That’s where Strassen’s laser method finally comes into play. “The laser method typically works very well and generally finds a good way to kill a subset of blocks to remove the overlap,” Le Gall said. After the laser has eliminated, or “burned away,” all the overlaps, you can construct the final product matrix, C.
Putting these various techniques together results in an algorithm for multiplying two matrices with a deliberately stingy number of multiplications overall — at least in theory. The laser method is not intended to be practical; it’s just a way to think about the ideal way to multiply matrices. “We never run the method [on a computer],” Zhou said. “We analyze it.”
And that analysis is what led to the biggest improvement to omega in more than a decade.
A Loss Is Found
Last summer’s paper, by Duan, Zhou and Wu, showed that Strassen’s process could still be sped up significantly. It was all because of a concept they called a hidden loss, buried deep within previous analyses — “a result of unintentionally killing too many blocks,” Zhou said.
The laser method works by labeling blocks with overlaps as garbage, slated for disposal; other blocks are deemed worthy and will be saved. The selection process, however, is somewhat randomized. A block rated as garbage may, in fact, turn out to be useful after all. This wasn’t a total surprise, but by examining many of these random choices, Duan’s team determined that the laser method was systematically undervaluing blocks: More blocks should be saved and fewer thrown out. And, as is usually the case, less waste translates into greater efficiency.
“Being able to keep more blocks without overlap thus leads to … a faster matrix multiplication algorithm,” Le Gall said.
After proving the existence of this loss, Duan’s team modified the way that the laser method labeled blocks, reducing the waste substantially. As a result, they set a new upper bound for omega at around 2.371866 — an improvement over the previous upper bound of 2.3728596, set in 2020 by Josh Alman and Vassilevska Williams. That may seem like a modest change, lowering the bound by just about 0.001. But it’s the single biggest improvement scientists have seen since 2010. Vassilevska Williams and Alman’s 2020 result, by comparison, only improved upon its predecessor by 0.00001.

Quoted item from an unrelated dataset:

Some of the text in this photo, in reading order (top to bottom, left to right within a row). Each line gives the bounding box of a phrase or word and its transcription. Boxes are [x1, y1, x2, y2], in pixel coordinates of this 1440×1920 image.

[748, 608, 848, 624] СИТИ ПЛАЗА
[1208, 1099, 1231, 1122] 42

But what’s most exciting for researchers isn’t just the new record itself — which didn’t last long. It’s also the fact that the paper revealed a new avenue for improvement that, until then, had gone totally unnoticed. For nearly four decades, everyone has been relying upon the same laser method, Le Gall said. “Then they found that, well, we can do better.”
The January 2024 paper refined this new approach, enabling Vassilevska Williams, Zhou and their co-authors to further reduce the hidden loss. This led to an additional improvement of omega’s upper bound, reducing it to 2.371552. The authors also generalized that same technique to improve the multiplication process for rectangular (n-by-m) matrices — a procedure that has applications in graph theory, machine learning and other areas.

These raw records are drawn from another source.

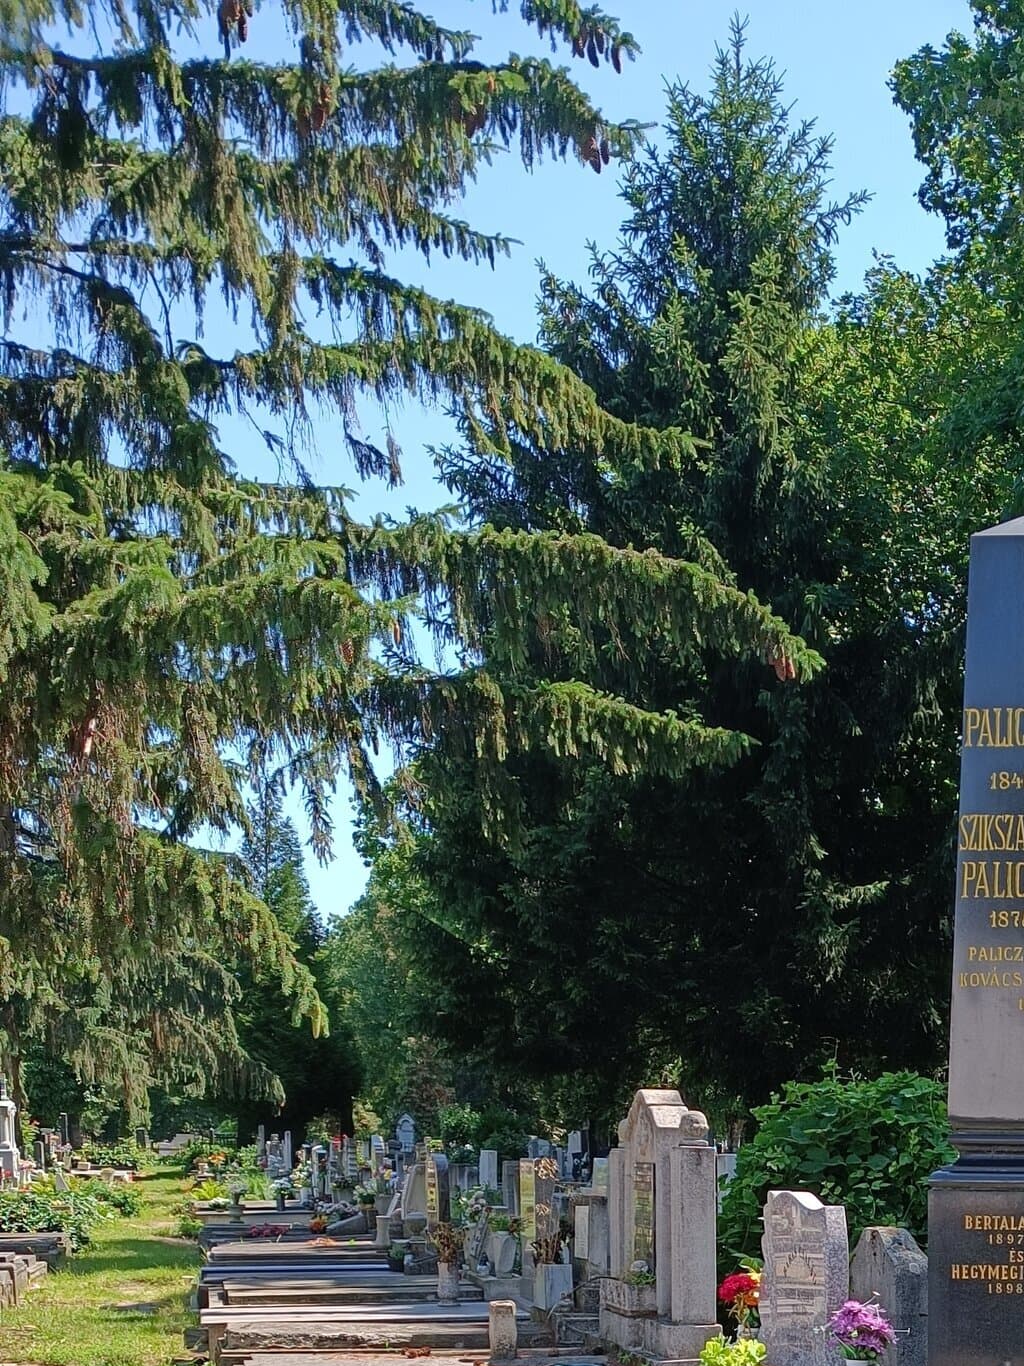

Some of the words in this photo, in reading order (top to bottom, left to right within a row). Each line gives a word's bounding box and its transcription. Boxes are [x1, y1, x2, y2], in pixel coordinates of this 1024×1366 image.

[968, 947, 1023, 961] PALICZ
[960, 968, 1022, 987] KOVÁCS
[987, 1234, 1024, 1244] 1897
[1009, 1248, 1024, 1263] ÉS
[951, 1264, 1024, 1280] HEGYMEGI
[987, 1283, 1023, 1294] 1898
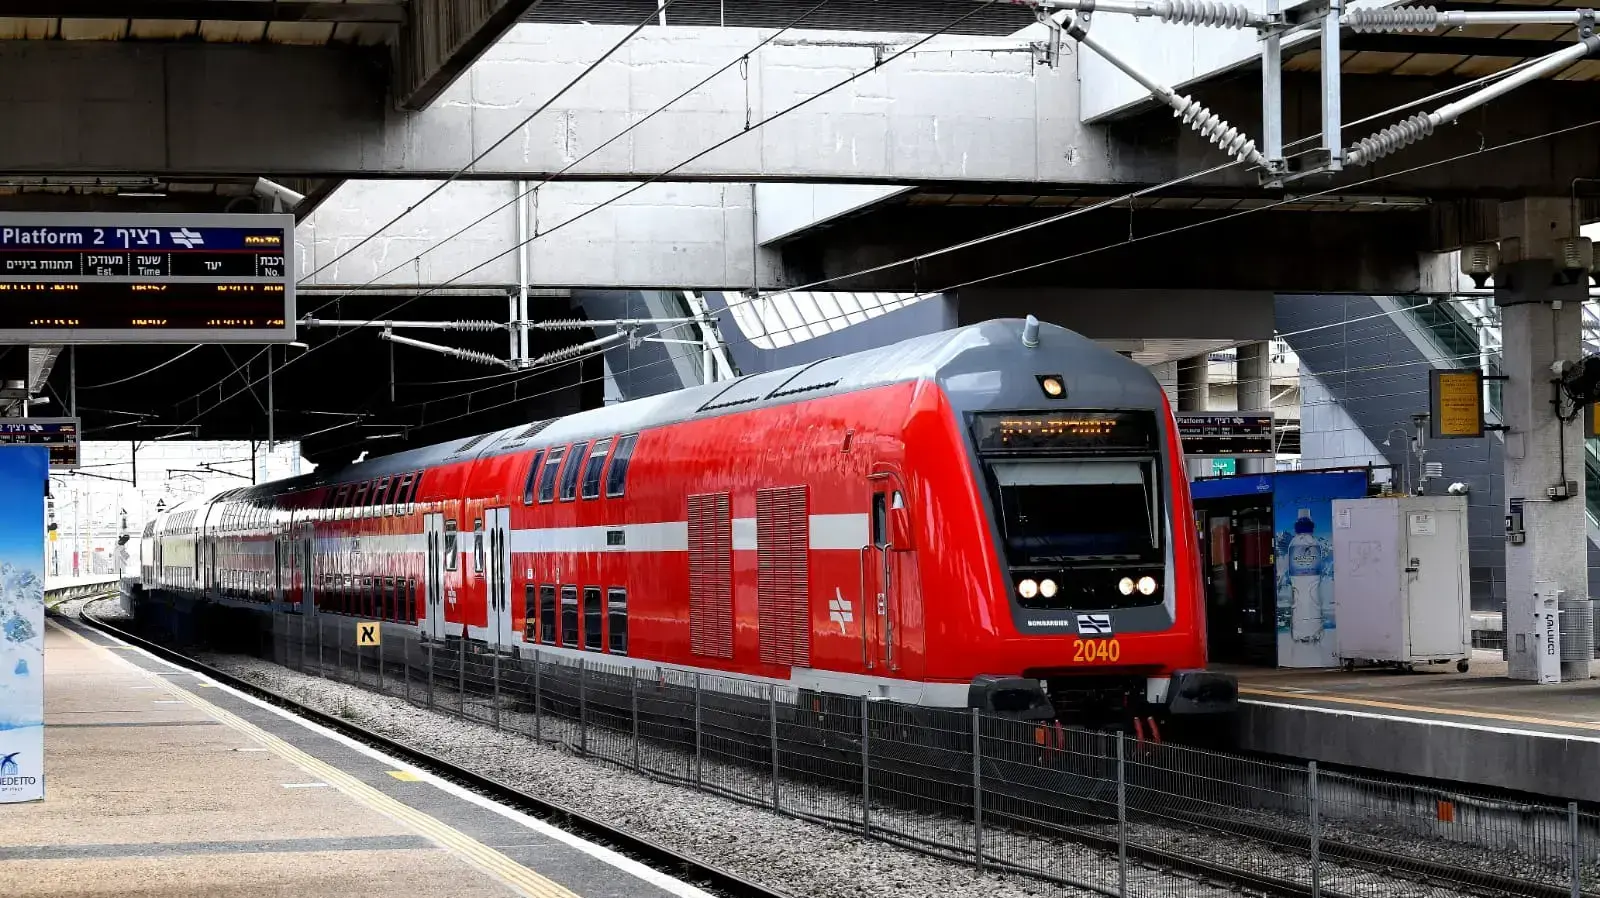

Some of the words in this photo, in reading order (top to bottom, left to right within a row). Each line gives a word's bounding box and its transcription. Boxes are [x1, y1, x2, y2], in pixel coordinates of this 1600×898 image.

[3, 228, 83, 244] Platform
[93, 229, 105, 245] 2
[116, 228, 161, 249] רציף
[6, 260, 37, 270] ביניים
[40, 260, 73, 270] תחנות
[88, 255, 123, 267] מעודכן
[137, 255, 161, 266] שעה
[260, 256, 284, 266] רכבת
[138, 266, 161, 276] Time
[204, 261, 222, 271] יעד
[265, 268, 280, 277] No.
[362, 626, 375, 642] א
[1073, 639, 1120, 662] 2040

Some further progress along these lines is all but certain, but there are limits. In 2015, Le Gall and two collaborators proved that the current approach — the laser method coupled with the Coppersmith-Winograd recipe — cannot yield an omega below 2.3078. To make any further improvements, Le Gall said, “you need to improve upon the original [approach] of Coppersmith and Winograd that has not really changed since 1987.” But so far, nobody has come up with a better way. There may not even be one.
“Improving omega is actually part of understanding this problem,” Zhou said. “If we can understand the problem well, then we can design better algorithms for it. [And] people are still in the very early stages of understanding this age-old problem.”